C'est dans un endroit hautement symbolique, un opéra, lieu déjà de l'hybridation des arts, lieu de l'avènement espéré du Gesamtkunstwerk, œuvre d'art totale, que le 15 Décembre 2006 est arrivé le temps de la restitution sous forme d'un…opéra ! Les contributions des internautes seraient lues par l'artiste elle-même, qui en ferait son libretto, dans le rôle de Mutter Courage ; la mezzo soprano Christine Kattner, dans le rôle de l'Agent Secret, lirait le code HTML d'une page du site du ministère de l'intérieur, contenant un texte « sécuritaire » de Dominique de Villepin, alors ministre de l'intérieur ; Igor Stromajer, dans le rôle de Big Brother, samplerait en direct des codes issus de moteurs de recherche. De toutes ces sources - texte collectif, texte algorithmique et codage, nous dit le dossier de presse - qui se sont mêlées le temps d'une représentation, est-on parvenu à une œuvre cohérente, c'est une question que l'on peut se poser, avec d'autant plus de légitimité que c'est aussi une problématique récurrente de l'opéra.
Plutôt que de forcer une réponse, qui pourrait après tout être du domaine de l'opinion, on mettra en avant la spécificité de ce travail qui a réuni plusieurs temps et plusieurs modes de manifestation : le temps circonscrit du recueil de la matière textuelle, sur le Net, qui a duré plusieurs mois, et qui s'est donné sous la forme d'une œuvre participative, dont on connaît bien les cadres et les modes opératoires ; le temps unique de la restitution, à l'Opéra Molière de Montpellier, sous forme d'un spectacle vivant fortement interactif ; le temps long enfin et comme suspendu de la trace de l'œuvre, sur Internet, sur le site de l'artiste, et dans les médias. Temps long et comme suspendu, puisque aucun site n'est éternel, mais que d'autres sites, ne serait-ce que celui d'Archive.org, gardent une trace de ce qui pourrait partir sans laisser d'adresse. Enfin, il faudrait y ajouter le temps collectif du souvenir humain, qui sera composé de sources diverses, aussi différentes que ceux ayant eu connaissance de l'œuvre, dont certains n'auront fait que participer à l'interface en ligne, d'autres auront assisté à l'opéra, d'autres encore n'en prendront connaissance qu'après coup.

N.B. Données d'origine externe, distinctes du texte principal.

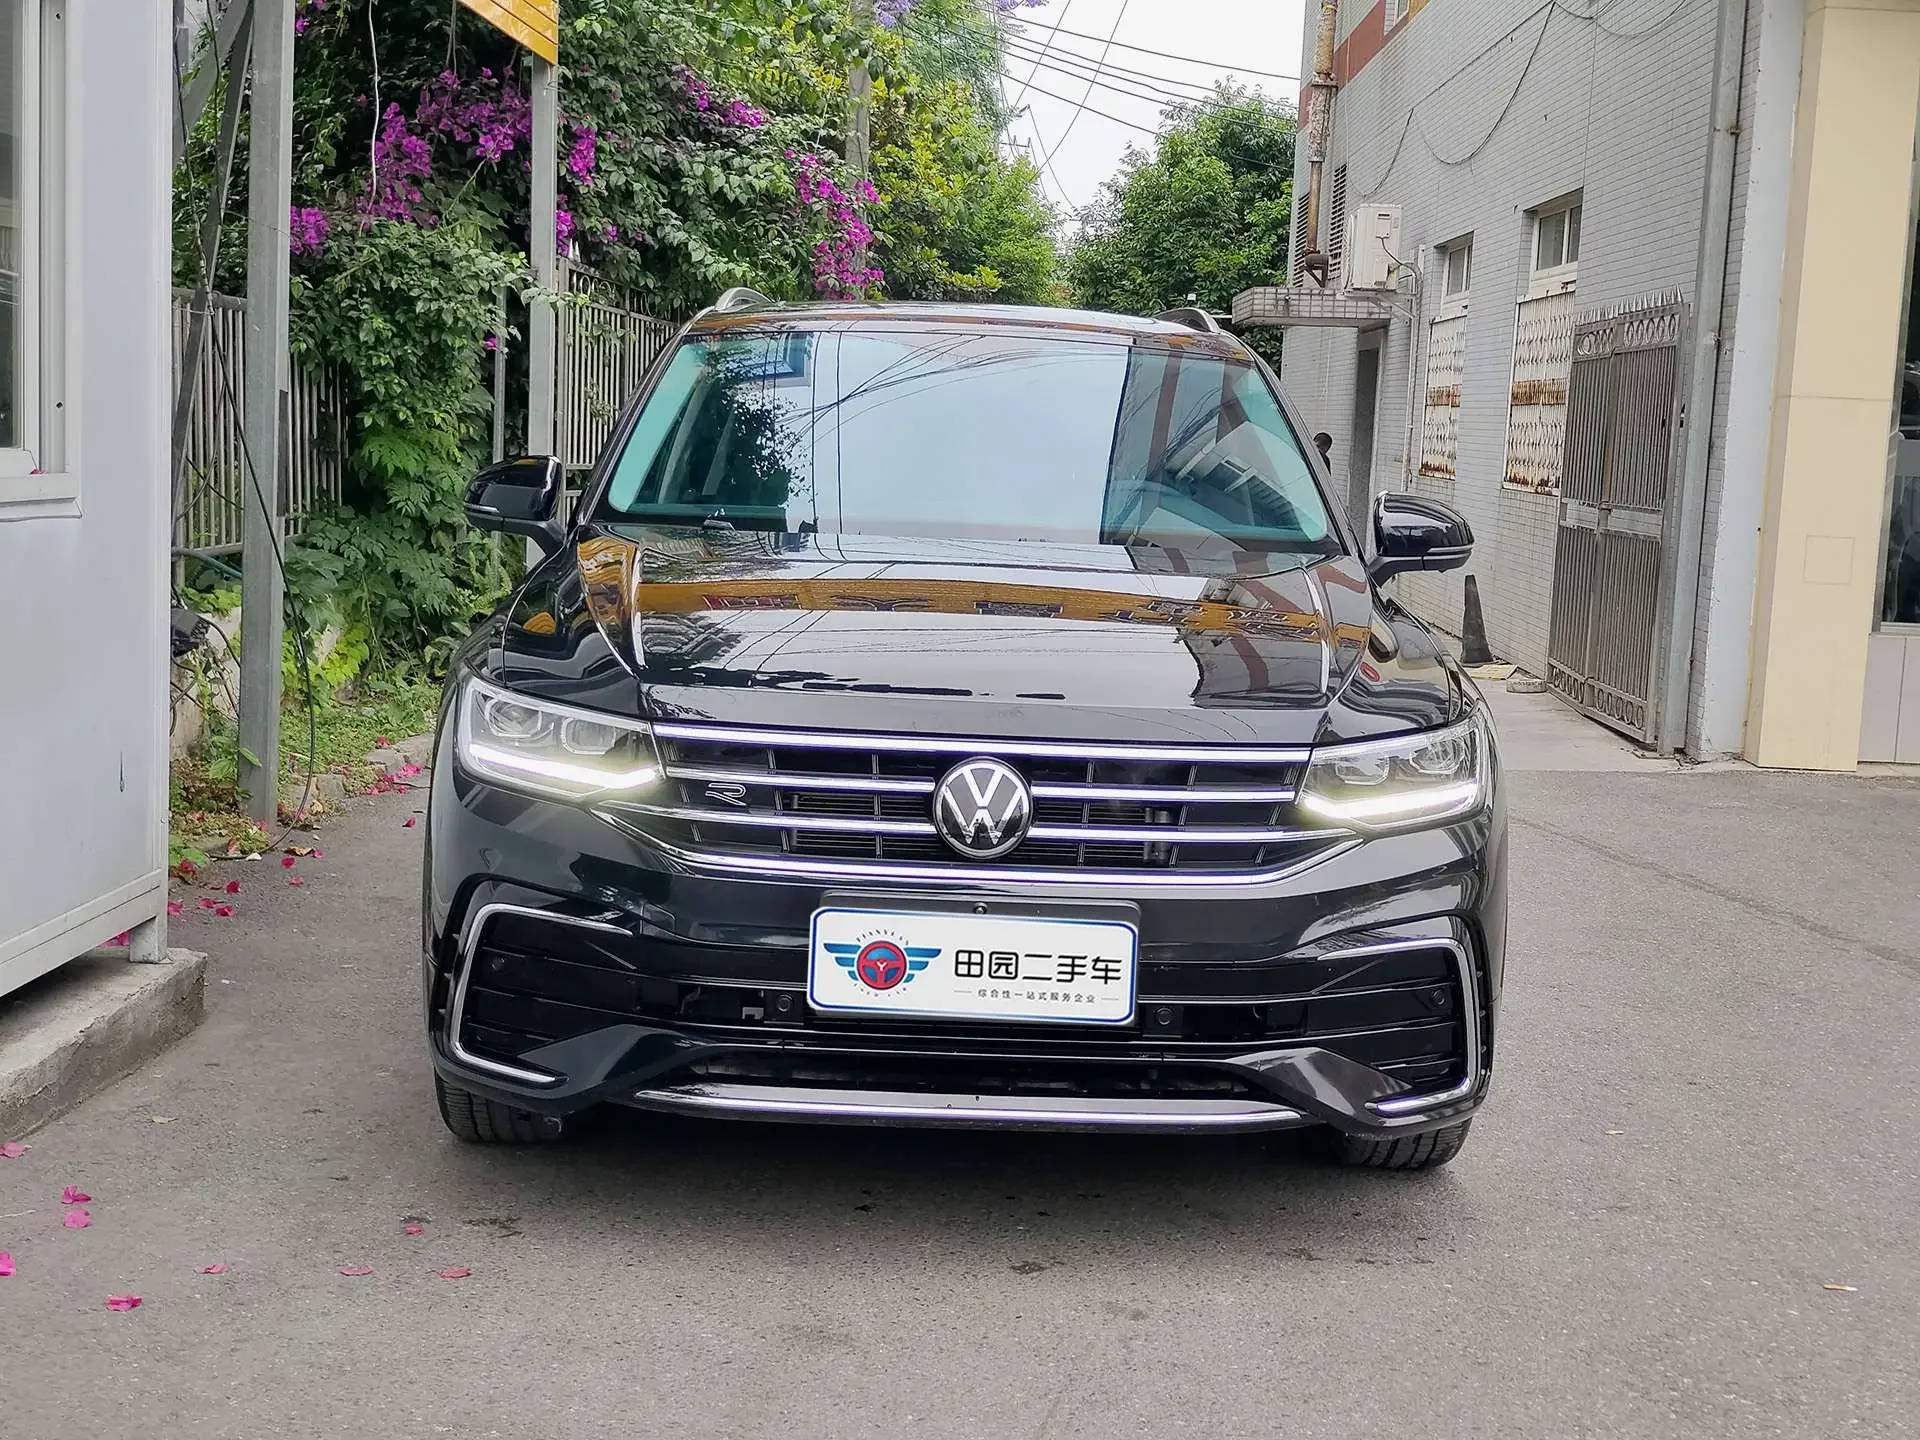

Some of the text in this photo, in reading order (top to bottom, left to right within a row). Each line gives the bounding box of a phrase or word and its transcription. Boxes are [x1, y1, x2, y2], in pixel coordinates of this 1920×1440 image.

[954, 949, 1122, 985] 田园二手车
[978, 988, 1096, 1003] 综合性一站式服务企业

Manifestement, cette œuvre collective, impulsée par Annie Abrahams, forme un tout. Il n'est pas possible de dissocier le temps et le mode opératoire de l'une ou l'autre de ses étapes. Le Net n'aura pas été l'instrument d'une annonce, pour un événement qui aurait pu faire l'objet de toute autre forme de publicité, mais aura servi de colonne vertébrale à une œuvre multi-supports, muti-modale. Devra-t-on reprendre la formulation anglo-saxonne « mixed-media » pour rendre compte de ce particulier mode d'existence ? Ou tout simplement reprendre à son compte la revendication wagnérienne d'œuvre totale ? Ce sera une question à débattre.
D'autres artistes, comme Tamara Laï 17, ont également, et depuis fort longtemps, joué de cette dualité entre la présence du corps dans l'événement unique, et son absence, ou supposée telle, dans les traces écrites ou visuelles que l'on dépose sur le Net.

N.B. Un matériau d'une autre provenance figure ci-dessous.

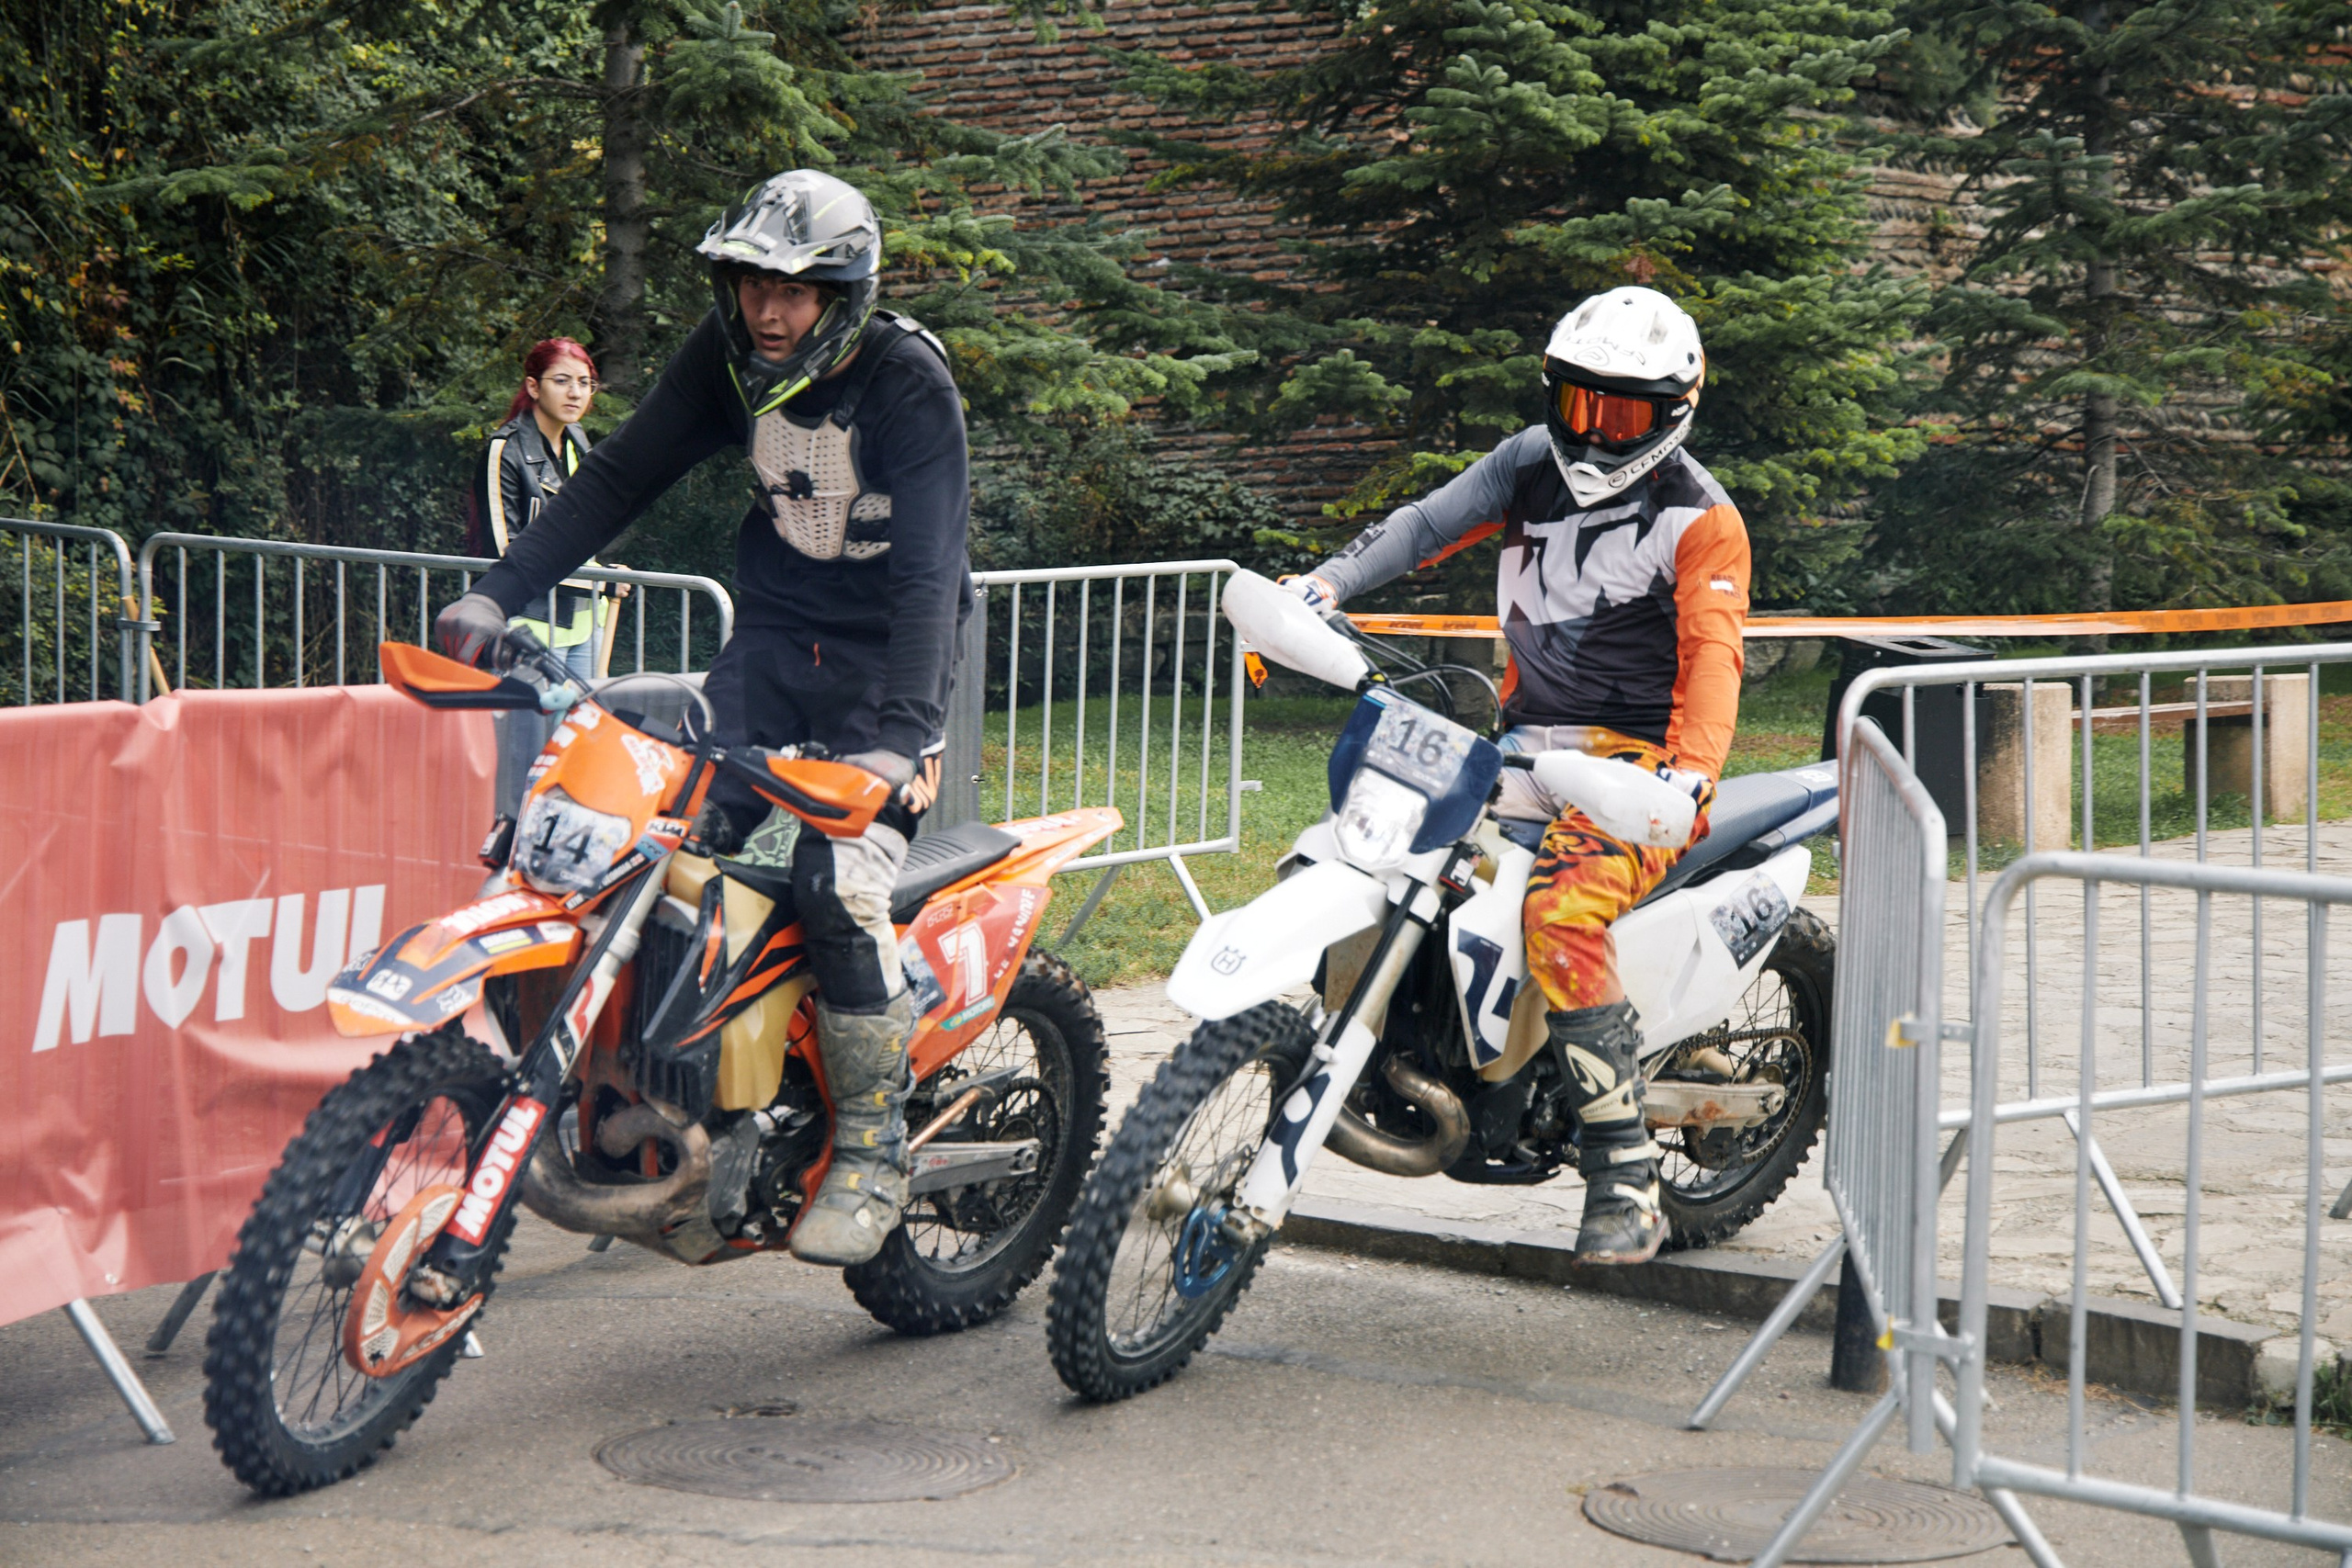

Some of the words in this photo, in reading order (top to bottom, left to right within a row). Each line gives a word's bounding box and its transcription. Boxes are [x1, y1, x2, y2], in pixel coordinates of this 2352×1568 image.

[1387, 719, 1448, 766] 16
[533, 815, 591, 865] 14
[649, 820, 684, 837] KTM
[1730, 887, 1773, 942] 16
[456, 1103, 537, 1238] MOTUL

De façon humoristique, dans une pièce intitulée Les poissons rouges 18, Tamara Laï et Loiez Deniel montrent comment le milieu d'évolution - Net ou réel / Bocal ou étang - est un concept hautement réversible.
Parmi les artistes-programmeurs mixant Net et performance, Christophe Bruno a proposé en de multiples occasions de faire évoluer son Human Browser au milieu du public. Un comédien, le fameux Human Browser lit alors en direct des phrases, des mots péchés sur le Net par un moteur de recherche, en fonction de tel ou tel critère. Pendant la campagne pour le référendum sur l'Europe, en 2005, le comédien Jérôme Piques lisait ainsi, près d'un bureau de vote parisien, des bouts d'actualité qui lui parvenaient dans son casque 19, sans aucune réécriture, sans aucun filtre. Comme une façon de reverser le réel au réel, via un détour par le Net…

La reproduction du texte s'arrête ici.